Most of what we think we know about emissions comes from estimates and calculations, not actual measurements. We're guessing at how much carbon forests store, how fast cities are decarbonizing, and whether our climate projects are working. Meanwhile, climate impacts are accelerating faster than our models predicted, and we need precise, real-time data to respond effectively.
This isn't just an academic problem. Investors can't tell which climate projects deliver real results. Cities can't plan infrastructure without knowing their local climate risks. Companies can't manage what they can't measure. The gap between what we need to know and what we actually know is enormous — and it's slowing down everything else.

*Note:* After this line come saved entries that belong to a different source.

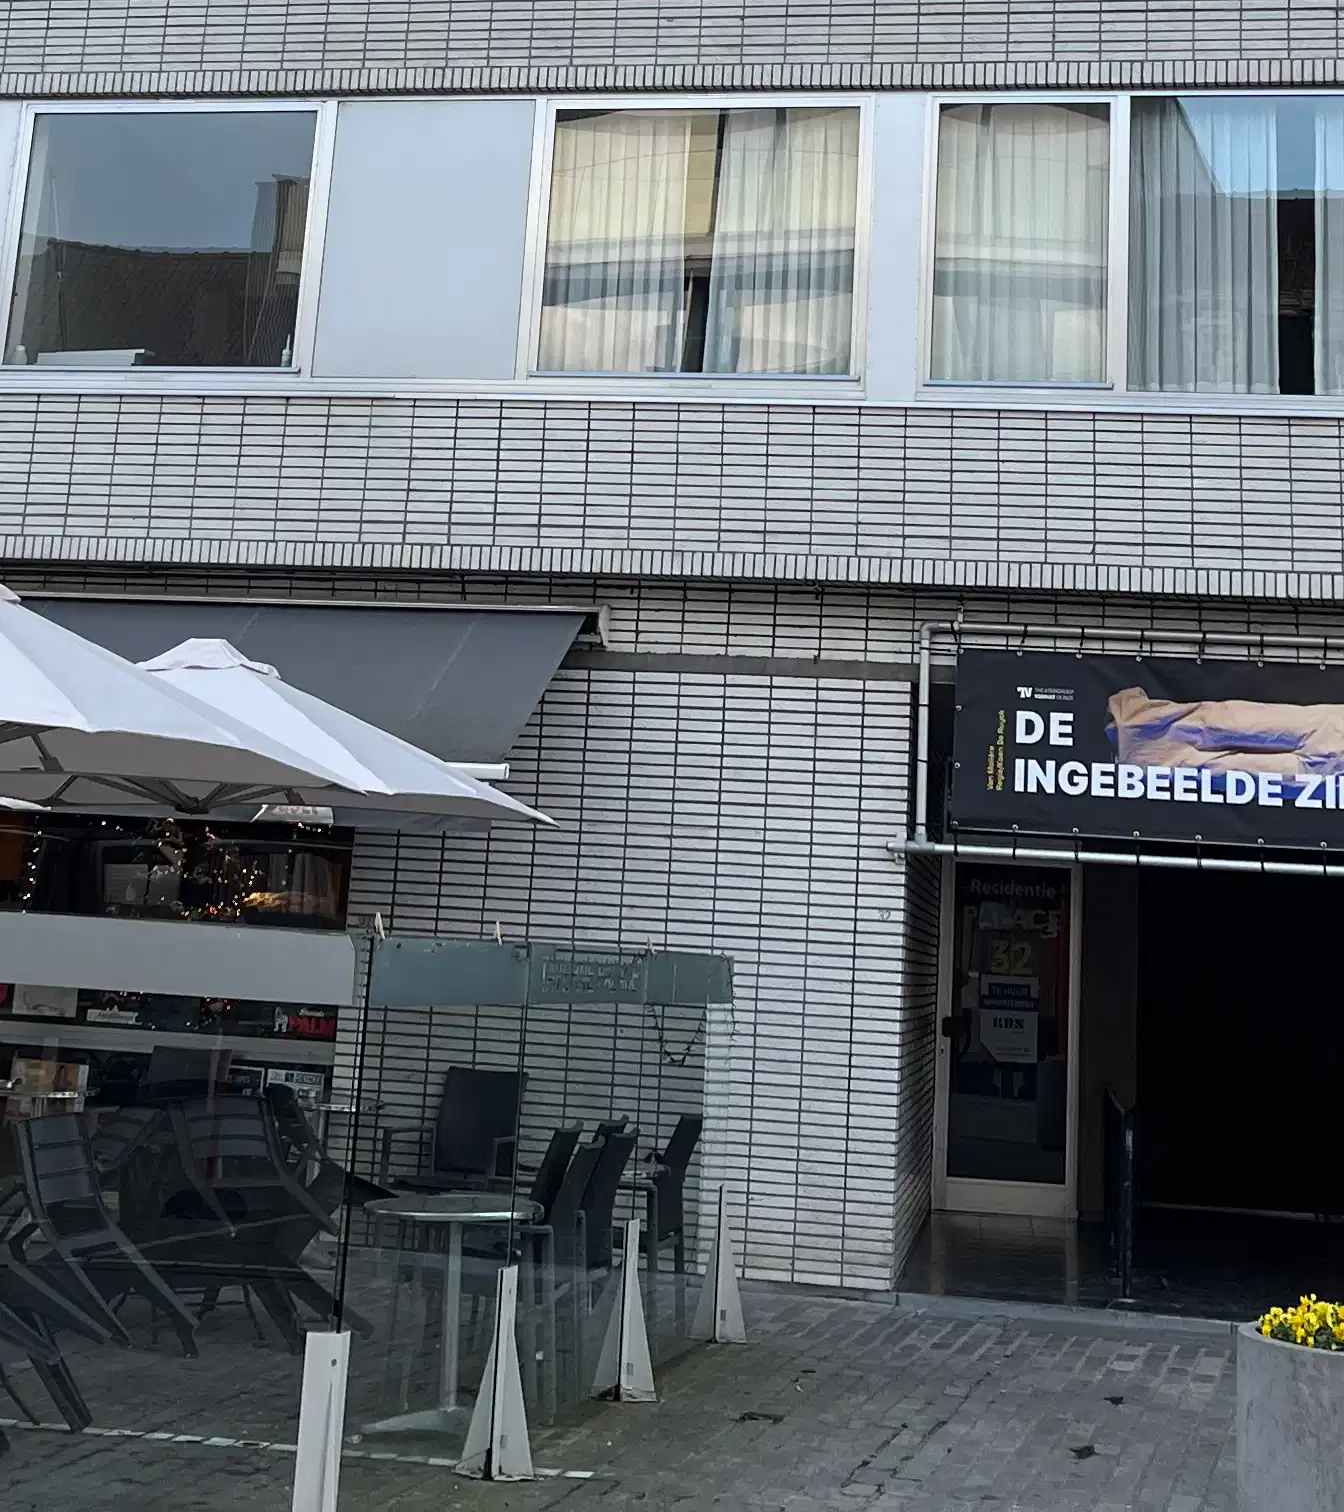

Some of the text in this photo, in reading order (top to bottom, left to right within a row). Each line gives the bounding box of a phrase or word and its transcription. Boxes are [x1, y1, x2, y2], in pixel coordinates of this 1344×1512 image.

[1015, 710, 1074, 747] DE
[1013, 758, 1283, 808] INGEBEELDE
[991, 938, 1033, 975] 32
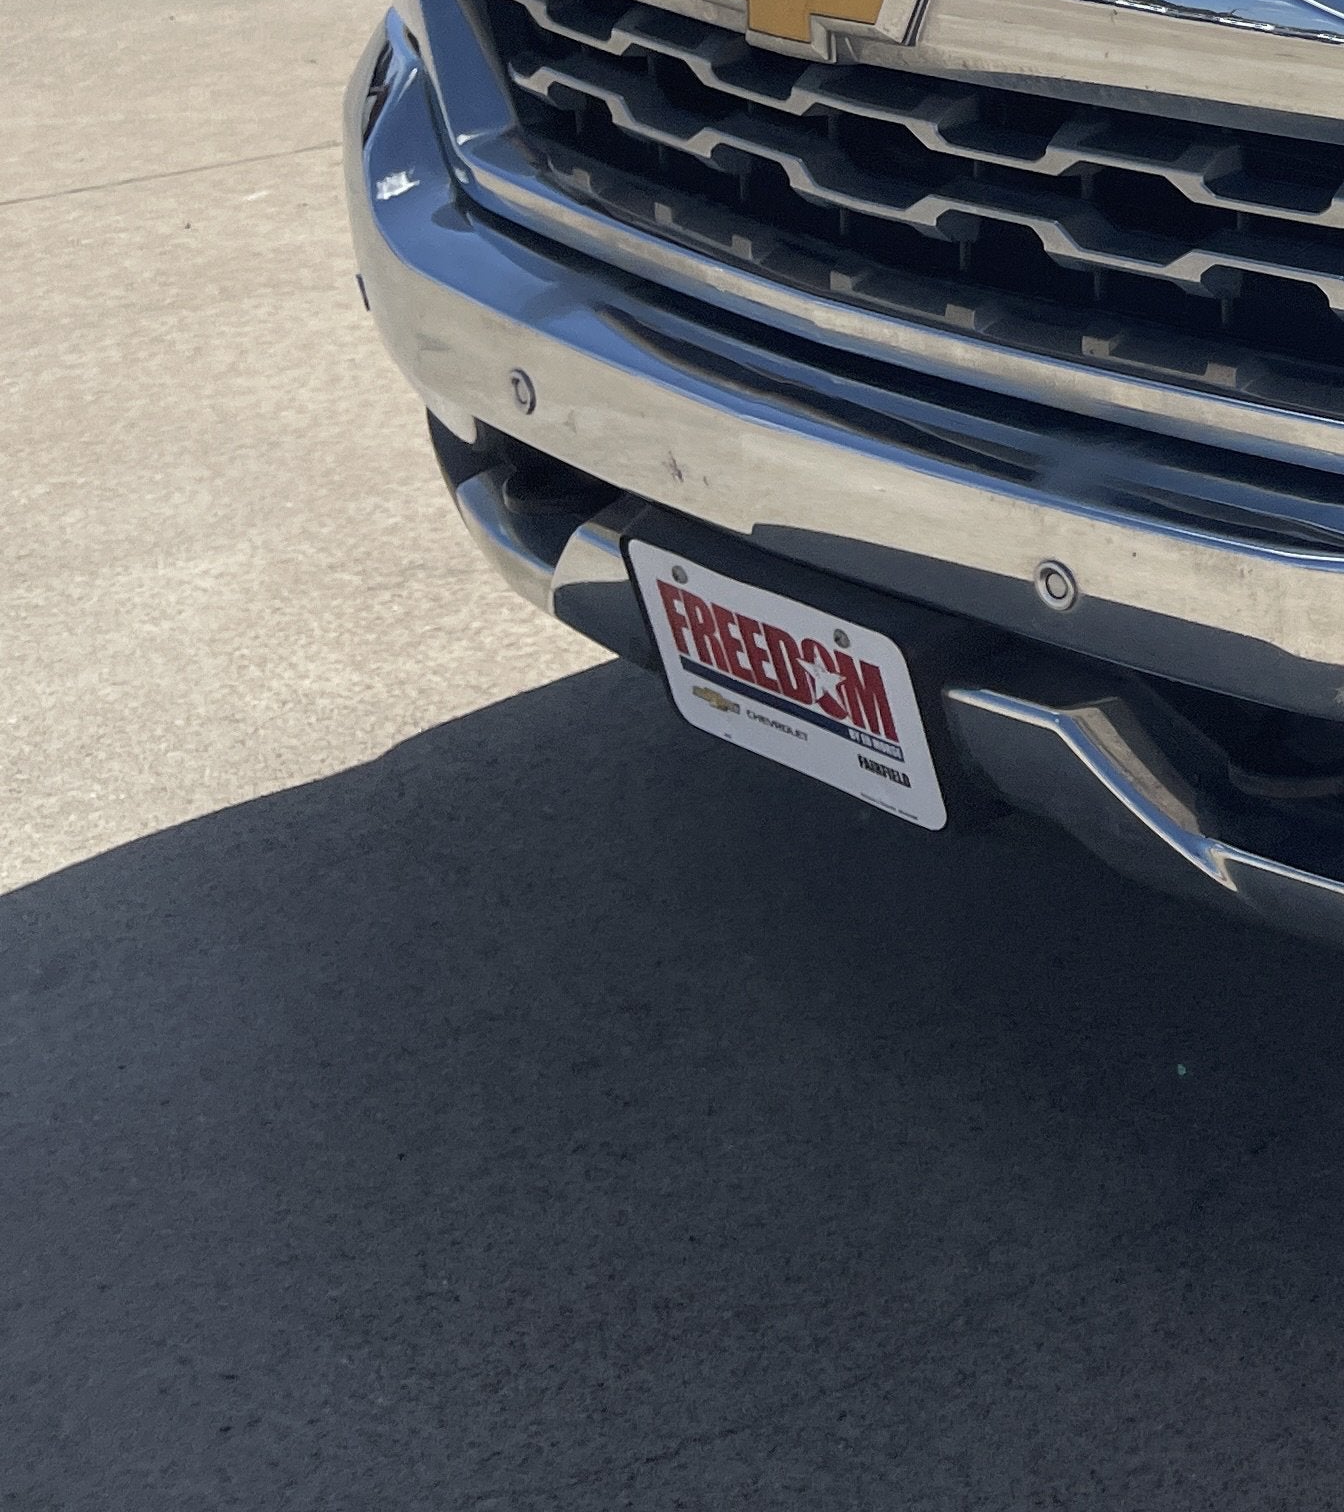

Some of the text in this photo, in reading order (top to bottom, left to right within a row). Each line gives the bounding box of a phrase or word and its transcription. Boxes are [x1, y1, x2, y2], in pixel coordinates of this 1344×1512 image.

[656, 578, 899, 744] FREEDOM
[746, 709, 808, 742] CHEVROLET
[856, 753, 912, 789] FAIRFIELD
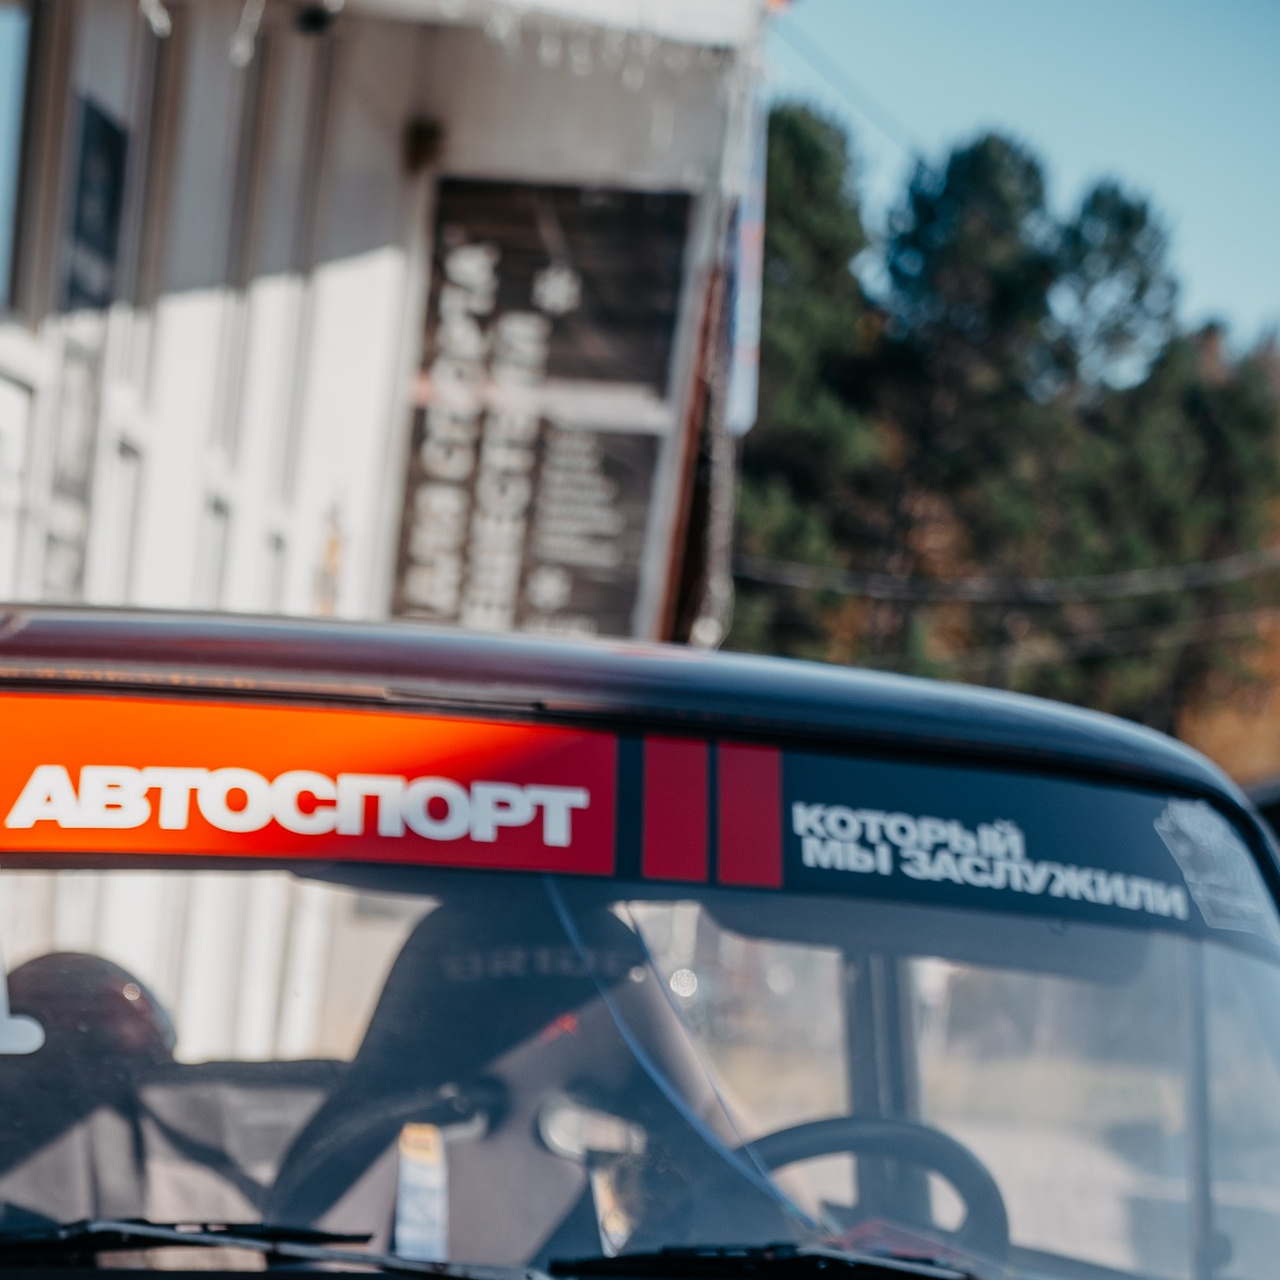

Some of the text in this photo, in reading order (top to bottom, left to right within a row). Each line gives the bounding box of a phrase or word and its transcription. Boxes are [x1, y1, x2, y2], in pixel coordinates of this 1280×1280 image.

[5, 765, 589, 847] АВТОСПОРТ
[791, 800, 1026, 860] КОТОРЫЙ
[801, 837, 1191, 921] МЫ ЗАСЛУЖИЛИ
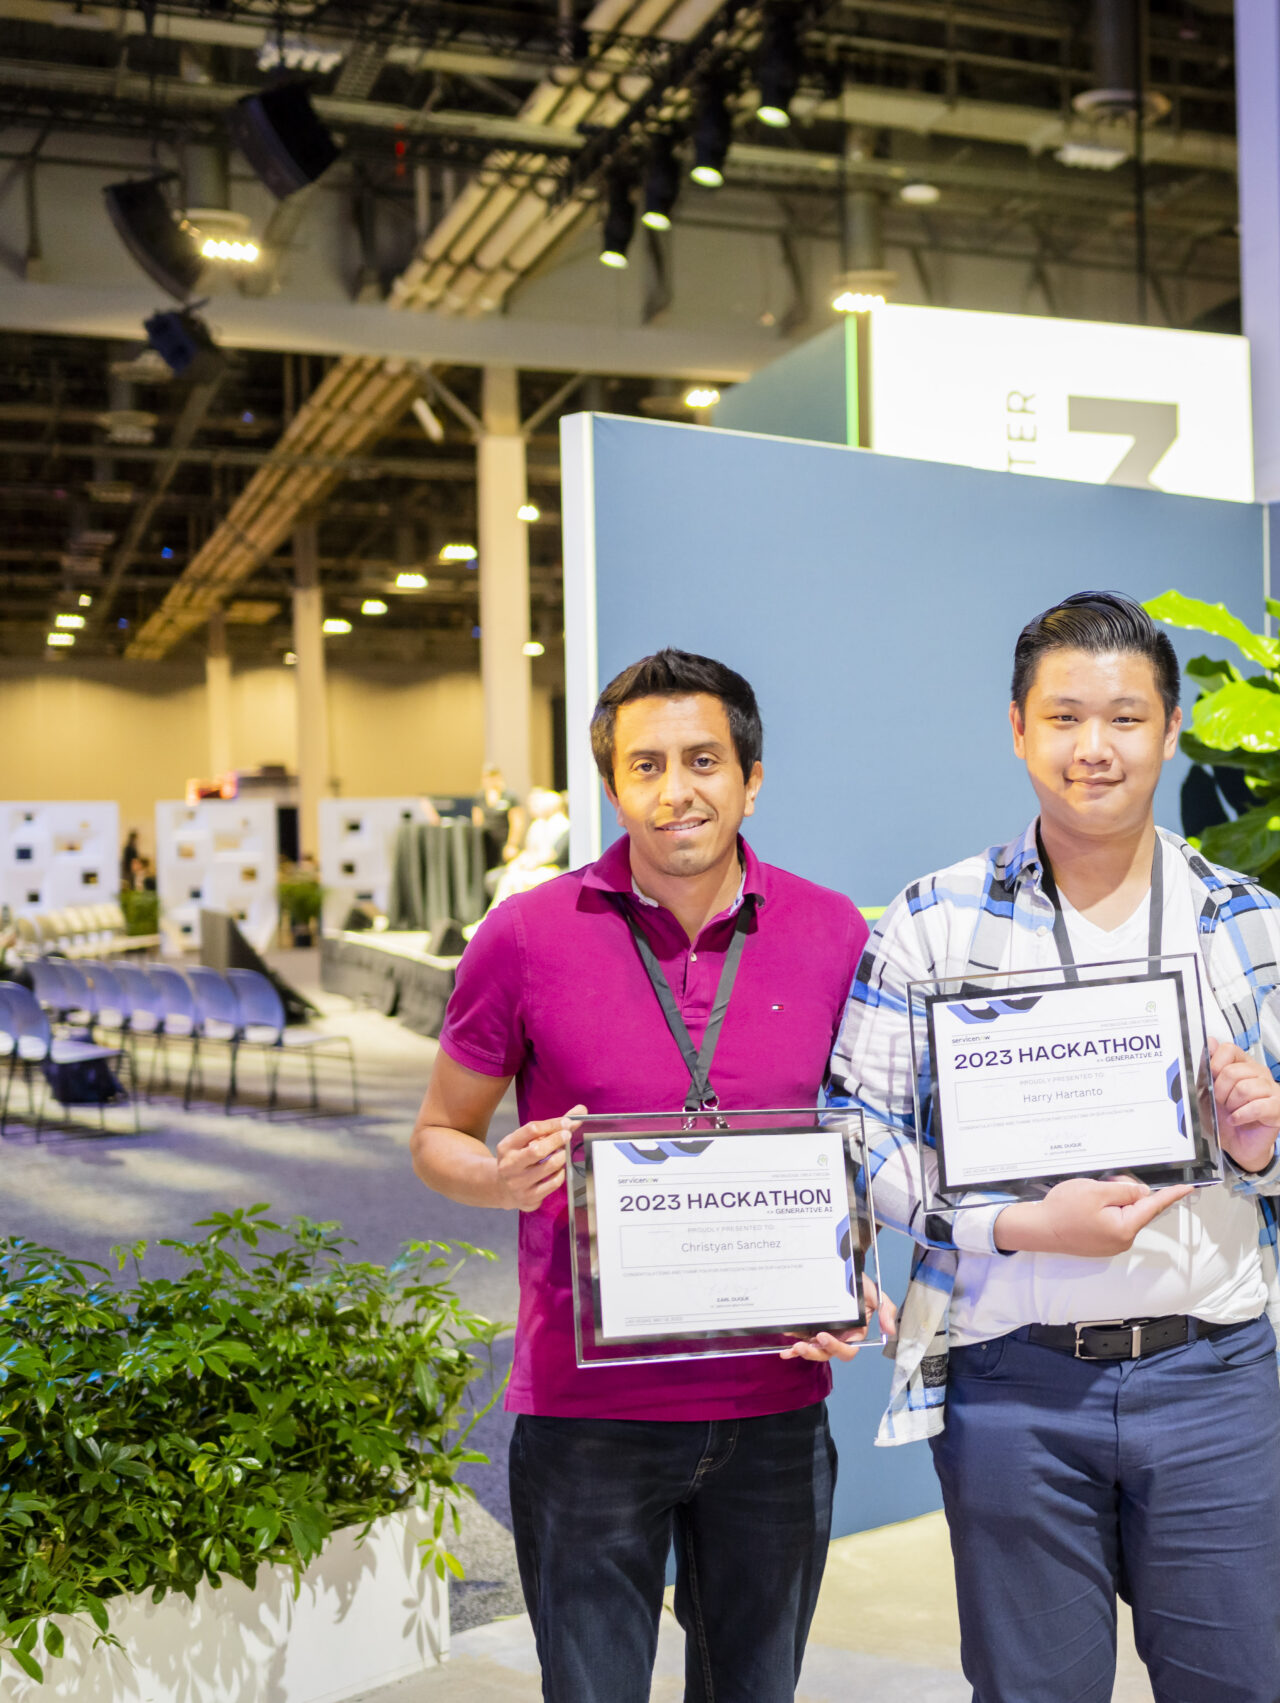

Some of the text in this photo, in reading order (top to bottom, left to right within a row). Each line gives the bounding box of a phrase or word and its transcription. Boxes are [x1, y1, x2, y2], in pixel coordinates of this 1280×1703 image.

We can't track what land, forests, and oceans are doing to the carbon cycle
Natural systems store and release enormous amounts of carbon, but we have surprisingly little real-time data about what they're actually doing. Forests might be storing more carbon than we think, or they might be releasing it due to drought, disease, or warming temperatures. Soils could be carbon sinks or carbon sources, and we often don't know which.
This uncertainty makes it nearly impossible to account for nature-based climate solutions or predict how natural systems will respond to climate change. We're making billion-dollar bets on forest protection and restoration without knowing if they're working as expected.
Forest biomass and carbon stock measurement (satellite LiDAR, synthetic aperture radar)
Advanced satellite technologies that can measure forest structure, biomass, and carbon storage from space. LiDAR systems use laser pulses to create detailed 3D maps of forest canopies, while radar can penetrate clouds and vegetation to track changes in forest structure over time.
These tools provide the data needed to verify forest carbon projects, track deforestation and forest degradation, and monitor the effectiveness of forest restoration efforts. They can measure carbon stocks across vast areas and detect changes much faster than traditional ground-based forest surveys.